V. No Credit or Refund. If a building permit is not issued for the East Wing
within 10 years from the date of issuance of the first certificate of occupancy for
the West Wing, the entire Employee Housing Payment shall be retained by the
Town, with no credit or refund to WMC.
C. Parking. The Parties recognize that the Project will generate increased
parking demands, and that currently, a parking deficit of 173 spaces exists (the "Parking
Deficit").
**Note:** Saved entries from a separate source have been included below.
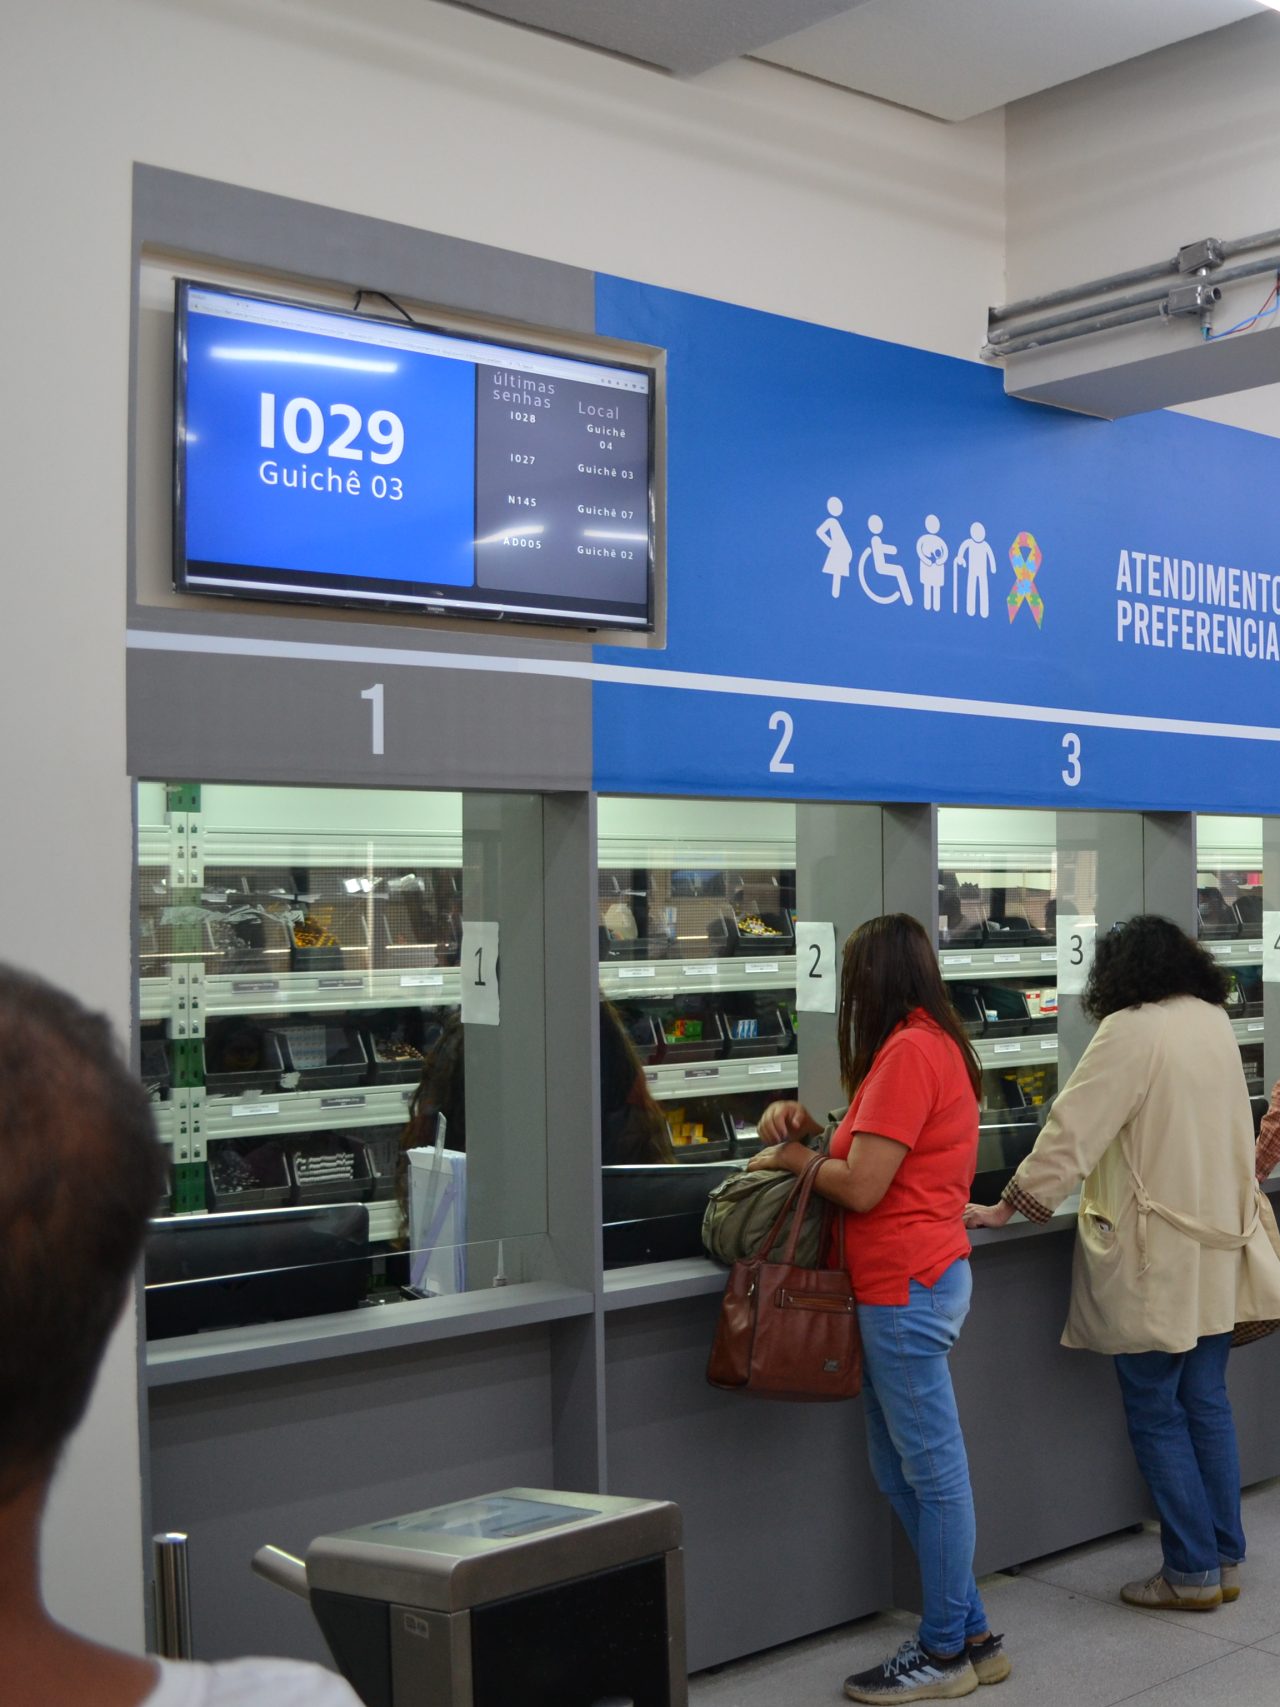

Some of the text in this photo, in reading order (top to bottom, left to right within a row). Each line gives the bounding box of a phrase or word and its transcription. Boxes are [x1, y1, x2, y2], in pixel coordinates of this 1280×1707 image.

[493, 372, 555, 395] últimas
[493, 389, 551, 409] senhas
[578, 401, 619, 420] Local
[261, 392, 405, 465] I029
[587, 424, 626, 438] Guichê
[600, 441, 613, 451] 04
[259, 461, 403, 501] Guichê 03
[578, 463, 634, 480] Guichê 03
[508, 495, 537, 507] N145
[578, 504, 634, 520] Guichê 07
[503, 537, 542, 549] AD005
[577, 545, 634, 560] Guichê 02
[361, 684, 384, 754] 1
[769, 711, 795, 773] 2
[1061, 733, 1081, 787] 3
[1070, 934, 1084, 965] 3
[474, 947, 486, 987] 1
[808, 943, 823, 979] 2
The Parties agree to address the deficit and the increased parking demands
as follows:
i. Annual Payment. WMC shall remit an annual payment to the Town to
defray the Town's expenses incurred in providing parking for WMC during the
non -ski season months, in the amount of $5,250 (the "Annual Parking Payment").
The Annual Parking Payment shall commence upon the issuance of the first
building permit for the West Wing and continue until the first certificate of
occupancy is issued by the Town for the East Wing.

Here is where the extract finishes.